Activity - A picture-free, exact transcript of the entries below is required.

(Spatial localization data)
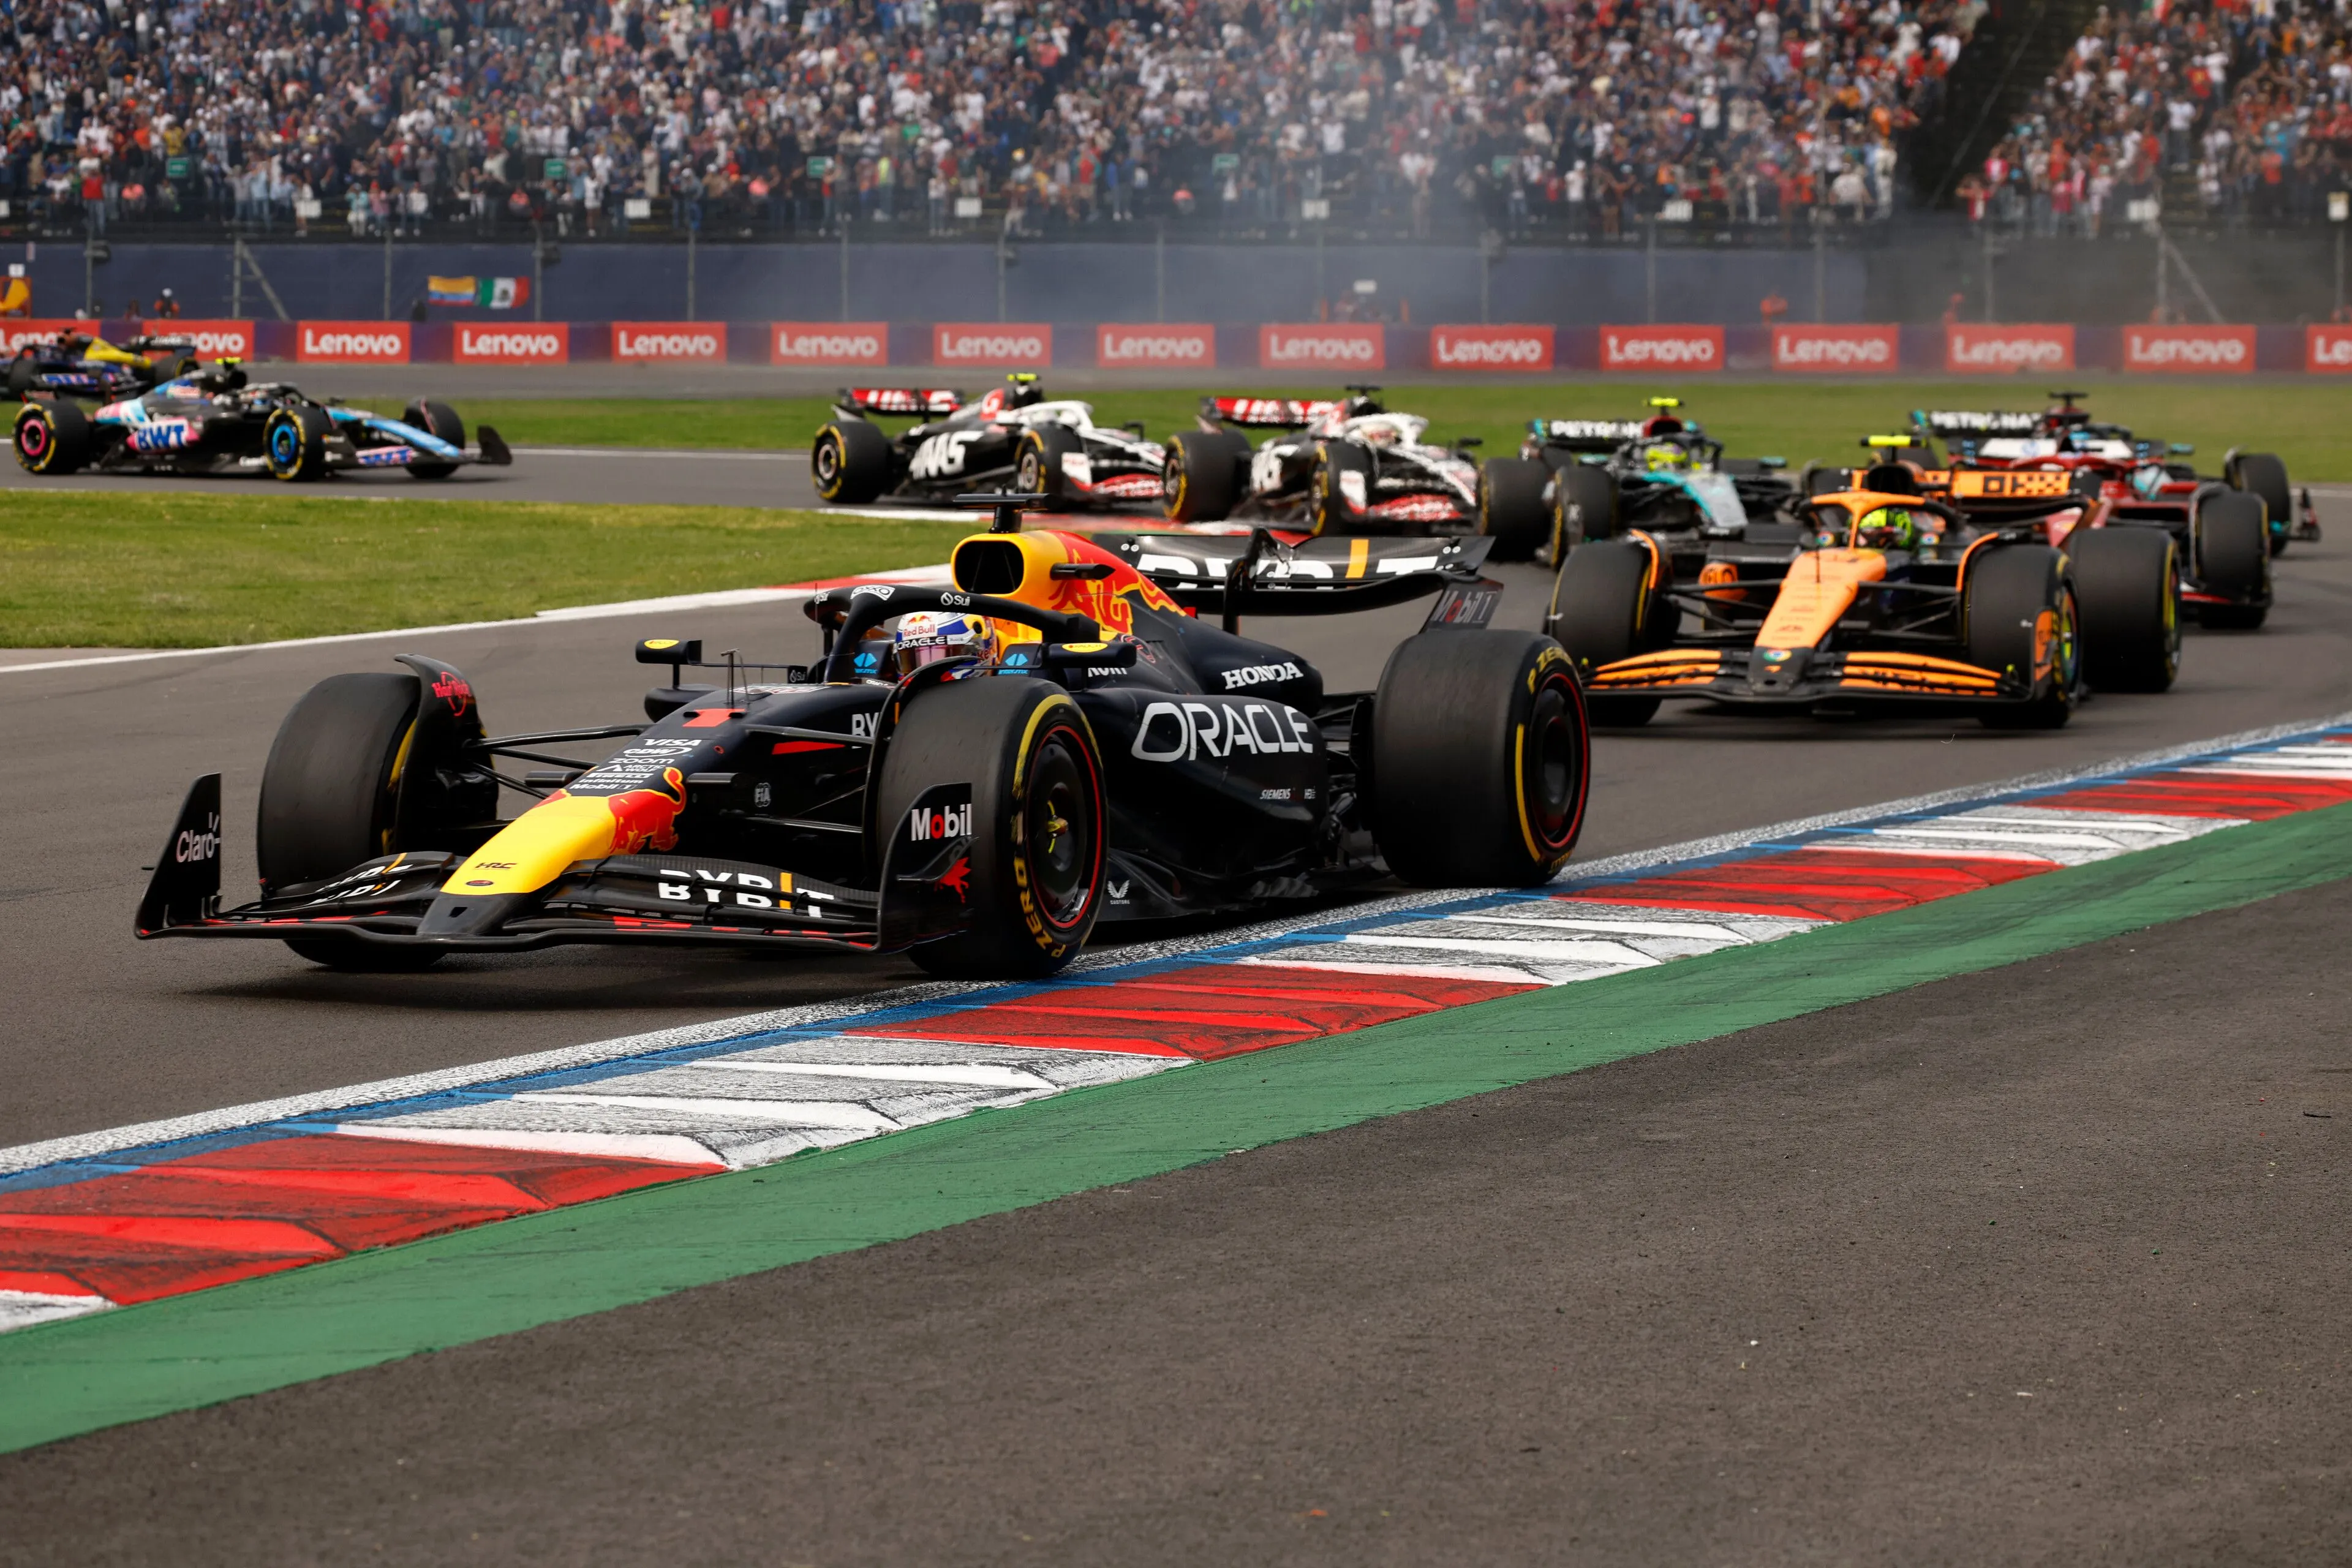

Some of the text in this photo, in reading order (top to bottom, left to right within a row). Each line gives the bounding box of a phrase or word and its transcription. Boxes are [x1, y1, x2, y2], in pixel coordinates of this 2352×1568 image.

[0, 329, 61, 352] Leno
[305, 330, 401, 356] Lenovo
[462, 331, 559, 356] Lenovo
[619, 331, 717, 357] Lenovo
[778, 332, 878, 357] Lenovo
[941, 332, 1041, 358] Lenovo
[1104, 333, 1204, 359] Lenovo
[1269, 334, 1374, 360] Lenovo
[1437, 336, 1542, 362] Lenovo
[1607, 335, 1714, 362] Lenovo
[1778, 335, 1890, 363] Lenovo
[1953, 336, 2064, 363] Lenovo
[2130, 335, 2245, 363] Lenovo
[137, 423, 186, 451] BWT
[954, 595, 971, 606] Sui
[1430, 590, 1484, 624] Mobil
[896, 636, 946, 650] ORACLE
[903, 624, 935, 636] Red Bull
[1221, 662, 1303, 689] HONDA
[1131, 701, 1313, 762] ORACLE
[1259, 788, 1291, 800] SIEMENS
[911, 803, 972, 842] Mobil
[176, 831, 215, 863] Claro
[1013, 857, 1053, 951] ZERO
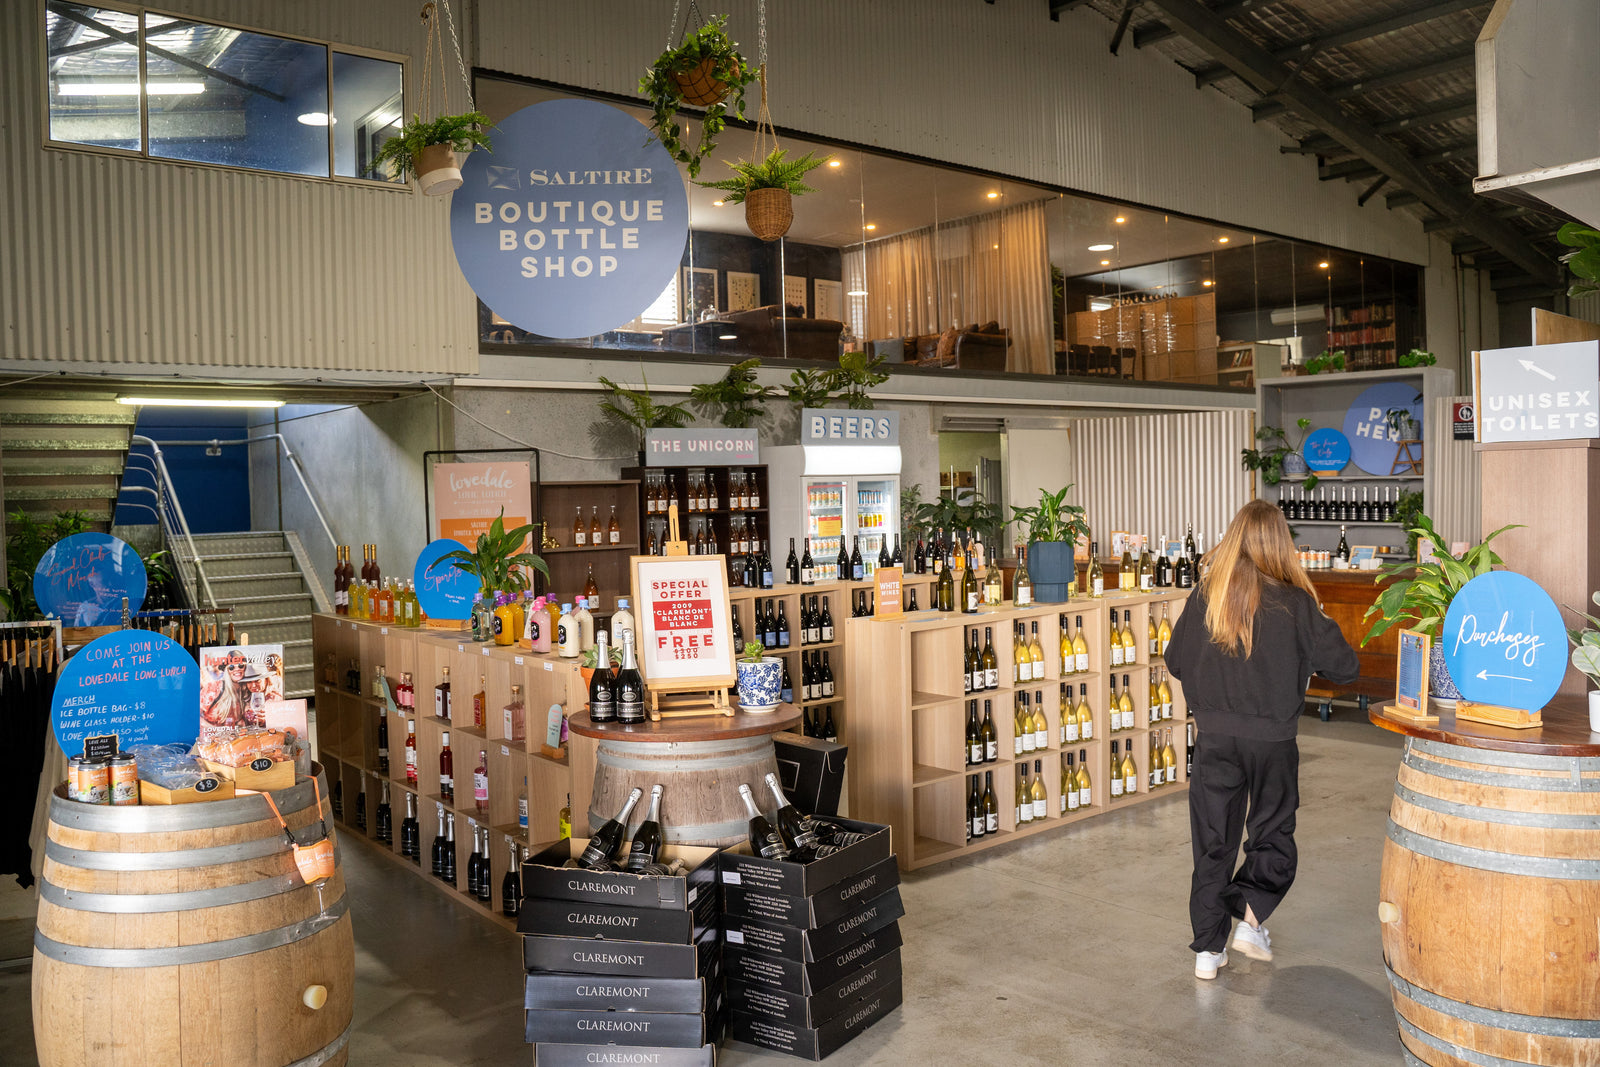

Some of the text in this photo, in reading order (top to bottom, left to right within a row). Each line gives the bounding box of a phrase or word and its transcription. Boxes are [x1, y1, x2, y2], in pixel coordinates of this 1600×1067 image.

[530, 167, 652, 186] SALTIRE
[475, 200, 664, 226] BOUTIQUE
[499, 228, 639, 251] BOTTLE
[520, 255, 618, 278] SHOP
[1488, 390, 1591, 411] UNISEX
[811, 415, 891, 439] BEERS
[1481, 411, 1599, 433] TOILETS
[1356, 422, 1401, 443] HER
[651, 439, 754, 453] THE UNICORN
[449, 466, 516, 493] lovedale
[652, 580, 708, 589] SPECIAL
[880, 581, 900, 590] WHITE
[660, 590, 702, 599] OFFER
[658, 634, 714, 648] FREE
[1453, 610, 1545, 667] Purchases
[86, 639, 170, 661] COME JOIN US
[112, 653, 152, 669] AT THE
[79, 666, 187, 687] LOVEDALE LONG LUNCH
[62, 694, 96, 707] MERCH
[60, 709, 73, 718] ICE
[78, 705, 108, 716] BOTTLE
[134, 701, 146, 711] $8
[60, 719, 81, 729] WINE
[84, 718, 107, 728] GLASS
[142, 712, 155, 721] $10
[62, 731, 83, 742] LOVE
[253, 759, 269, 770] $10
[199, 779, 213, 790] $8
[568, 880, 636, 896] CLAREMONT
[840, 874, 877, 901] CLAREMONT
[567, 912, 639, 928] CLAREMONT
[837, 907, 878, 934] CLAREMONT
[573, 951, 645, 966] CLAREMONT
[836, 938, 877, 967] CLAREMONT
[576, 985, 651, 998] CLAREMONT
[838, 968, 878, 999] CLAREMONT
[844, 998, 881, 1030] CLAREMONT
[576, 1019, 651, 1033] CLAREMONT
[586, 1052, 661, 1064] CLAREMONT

Output of the exercise -
Some of the text in this photo, in reading order (top to bottom, left to right within a row). Each line gives the bounding box of a phrase or word and its transcription. Boxes are [x1, y1, x2, y2], in pixel coordinates of this 2352×1568 image.

[0, 329, 61, 352] Leno
[305, 330, 401, 356] Lenovo
[462, 331, 559, 356] Lenovo
[619, 331, 717, 357] Lenovo
[778, 332, 878, 357] Lenovo
[941, 332, 1041, 358] Lenovo
[1104, 333, 1204, 359] Lenovo
[1269, 334, 1374, 360] Lenovo
[1437, 336, 1542, 362] Lenovo
[1607, 335, 1714, 362] Lenovo
[1778, 335, 1890, 363] Lenovo
[1953, 336, 2064, 363] Lenovo
[2130, 335, 2245, 363] Lenovo
[137, 423, 186, 451] BWT
[954, 595, 971, 606] Sui
[1430, 590, 1484, 624] Mobil
[896, 636, 946, 650] ORACLE
[903, 624, 935, 636] Red Bull
[1221, 662, 1303, 689] HONDA
[1131, 701, 1313, 762] ORACLE
[1259, 788, 1291, 800] SIEMENS
[911, 803, 972, 842] Mobil
[176, 831, 215, 863] Claro
[1013, 857, 1053, 951] ZERO

Some of the text in this photo, in reading order (top to bottom, left to right within a row). Each line gives the bounding box of a phrase or word and its transcription. Boxes are [x1, y1, x2, y2], in pixel coordinates of this 1600×1067 image.

[530, 167, 652, 186] SALTIRE
[475, 200, 664, 226] BOUTIQUE
[499, 228, 639, 251] BOTTLE
[520, 255, 618, 278] SHOP
[1488, 390, 1591, 411] UNISEX
[811, 415, 891, 439] BEERS
[1481, 411, 1599, 433] TOILETS
[1356, 422, 1401, 443] HER
[651, 439, 754, 453] THE UNICORN
[449, 466, 516, 493] lovedale
[652, 580, 708, 589] SPECIAL
[880, 581, 900, 590] WHITE
[660, 590, 702, 599] OFFER
[658, 634, 714, 648] FREE
[1453, 610, 1545, 667] Purchases
[86, 639, 170, 661] COME JOIN US
[112, 653, 152, 669] AT THE
[79, 666, 187, 687] LOVEDALE LONG LUNCH
[62, 694, 96, 707] MERCH
[60, 709, 73, 718] ICE
[78, 705, 108, 716] BOTTLE
[134, 701, 146, 711] $8
[60, 719, 81, 729] WINE
[84, 718, 107, 728] GLASS
[142, 712, 155, 721] $10
[62, 731, 83, 742] LOVE
[253, 759, 269, 770] $10
[199, 779, 213, 790] $8
[568, 880, 636, 896] CLAREMONT
[840, 874, 877, 901] CLAREMONT
[567, 912, 639, 928] CLAREMONT
[837, 907, 878, 934] CLAREMONT
[573, 951, 645, 966] CLAREMONT
[836, 938, 877, 967] CLAREMONT
[576, 985, 651, 998] CLAREMONT
[838, 968, 878, 999] CLAREMONT
[844, 998, 881, 1030] CLAREMONT
[576, 1019, 651, 1033] CLAREMONT
[586, 1052, 661, 1064] CLAREMONT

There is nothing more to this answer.